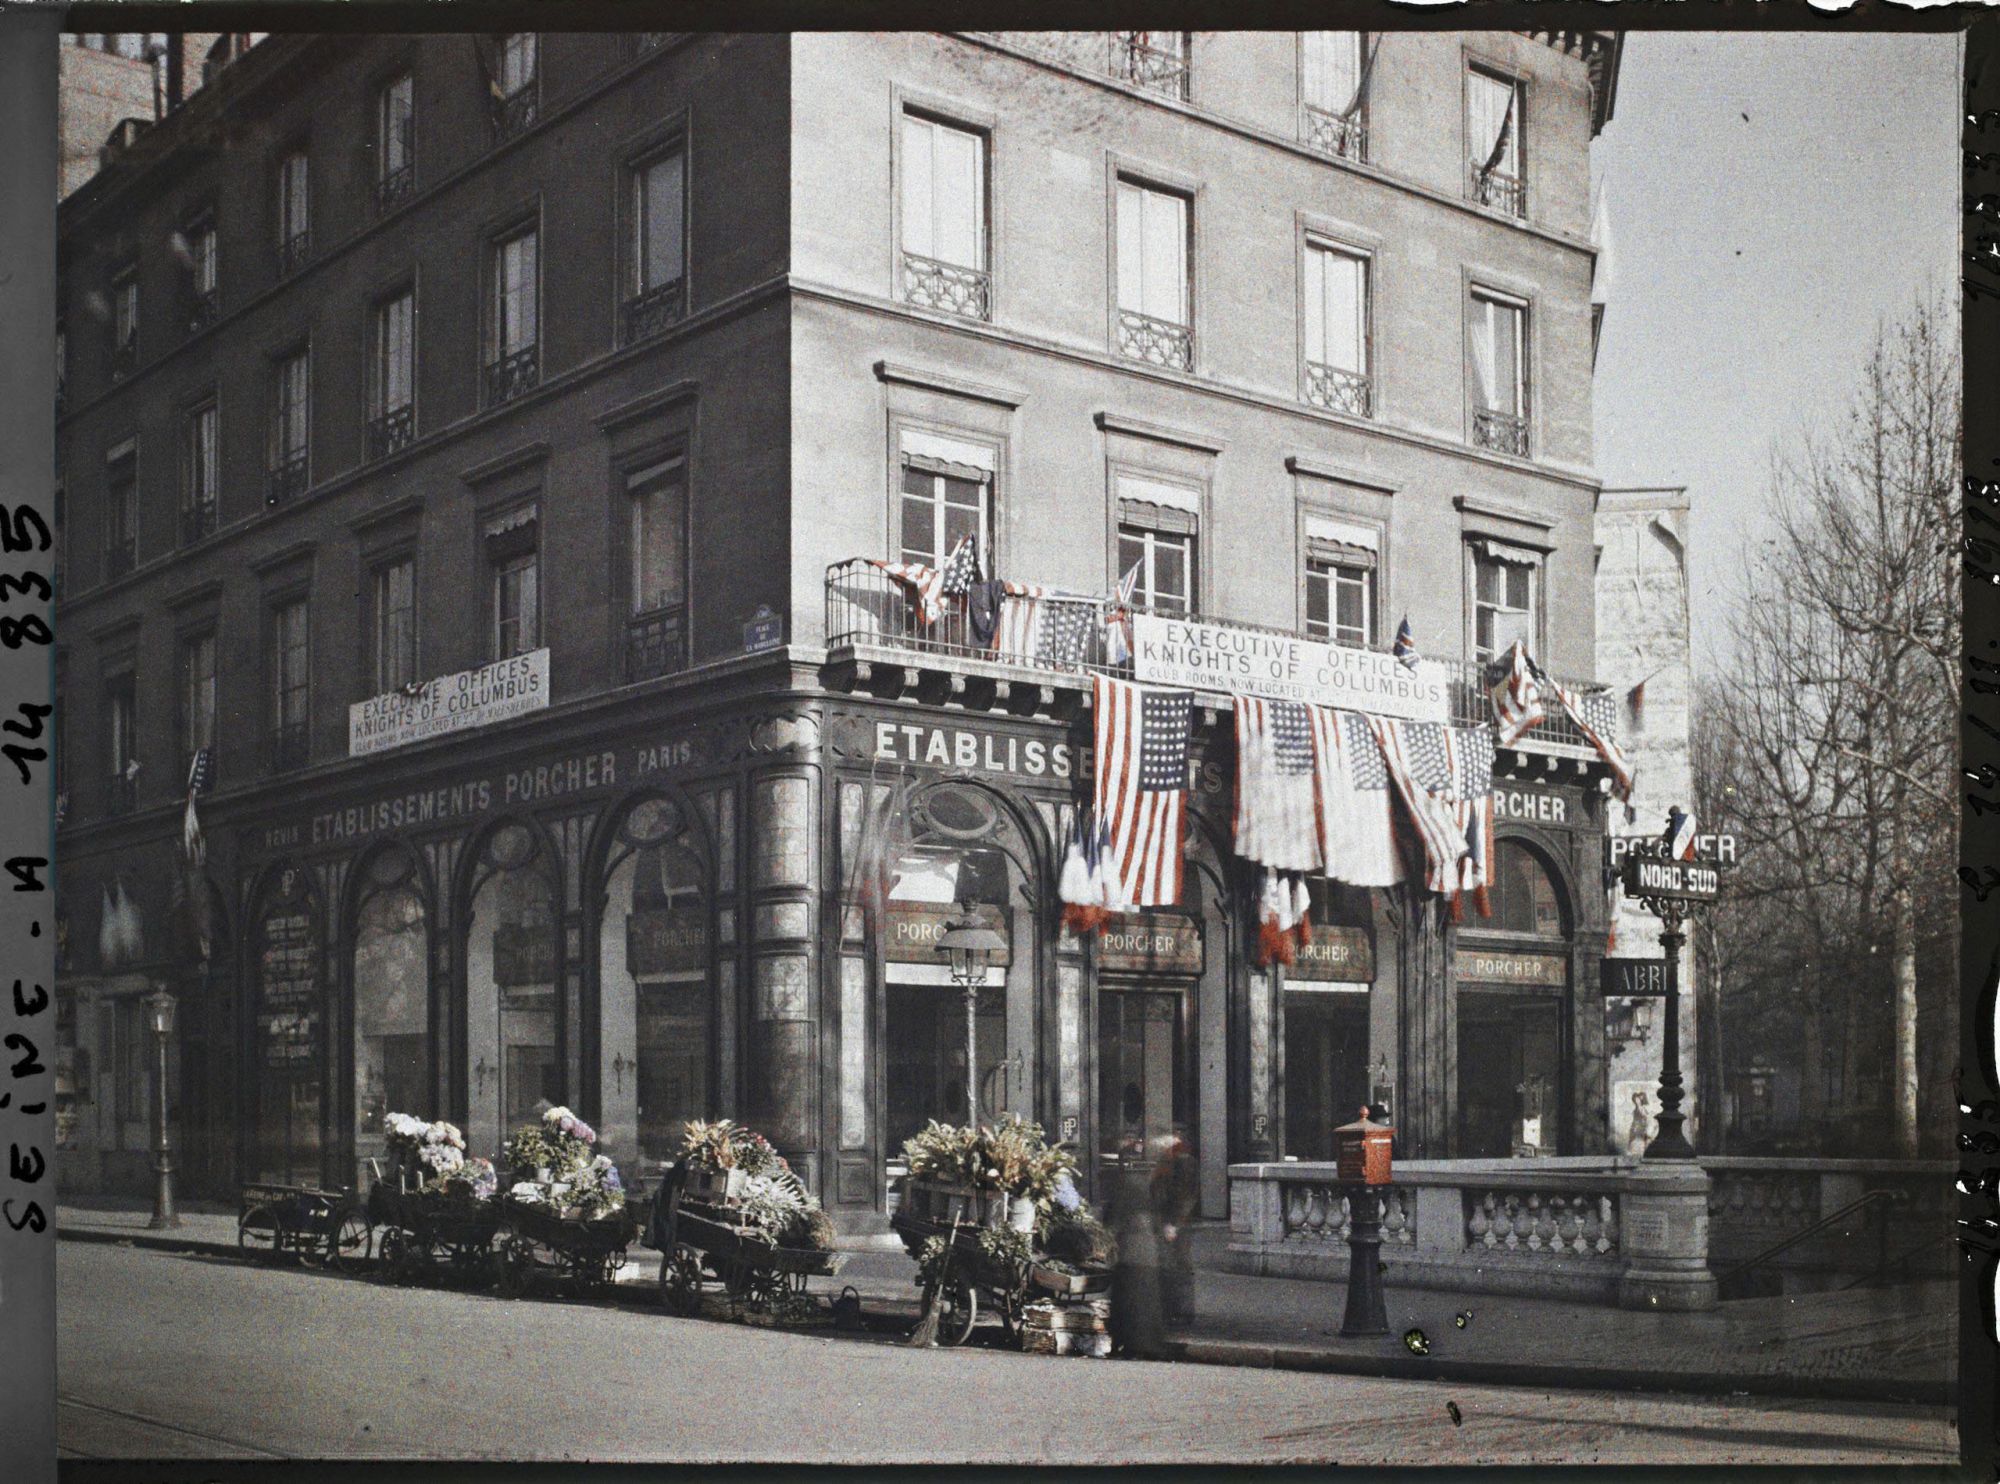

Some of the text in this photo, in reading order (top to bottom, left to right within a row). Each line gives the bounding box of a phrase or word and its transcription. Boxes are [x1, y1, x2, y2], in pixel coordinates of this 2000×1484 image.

▬▬▬▬▬▬

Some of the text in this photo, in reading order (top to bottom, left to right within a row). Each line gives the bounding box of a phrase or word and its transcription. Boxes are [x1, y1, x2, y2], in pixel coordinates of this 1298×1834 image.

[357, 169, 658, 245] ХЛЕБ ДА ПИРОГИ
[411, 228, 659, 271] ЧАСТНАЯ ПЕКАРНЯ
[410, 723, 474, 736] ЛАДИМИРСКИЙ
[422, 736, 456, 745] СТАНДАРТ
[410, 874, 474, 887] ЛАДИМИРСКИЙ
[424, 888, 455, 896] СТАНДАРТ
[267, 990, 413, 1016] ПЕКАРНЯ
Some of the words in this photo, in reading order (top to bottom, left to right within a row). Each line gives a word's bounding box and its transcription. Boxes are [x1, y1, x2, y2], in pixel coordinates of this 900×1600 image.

▬▬▬▬▬▬

# WHAT TO PRODUCE
Using only the listing above, restate exactly the lines from the line containing "this 1298×1834 image." through the line containing "Some of the words", both included.

# TASK ANSWER
Some of the text in this photo, in reading order (top to bottom, left to right within a row). Each line gives the bounding box of a phrase or word and its transcription. Boxes are [x1, y1, x2, y2], in pixel coordinates of this 1298×1834 image.

[357, 169, 658, 245] ХЛЕБ ДА ПИРОГИ
[411, 228, 659, 271] ЧАСТНАЯ ПЕКАРНЯ
[410, 723, 474, 736] ЛАДИМИРСКИЙ
[422, 736, 456, 745] СТАНДАРТ
[410, 874, 474, 887] ЛАДИМИРСКИЙ
[424, 888, 455, 896] СТАНДАРТ
[267, 990, 413, 1016] ПЕКАРНЯ
Some of the words in this photo, in reading order (top to bottom, left to right within a row). Each line gives a word's bounding box and its transcription. Boxes are [x1, y1, x2, y2], in pixel coordinates of this 900×1600 image.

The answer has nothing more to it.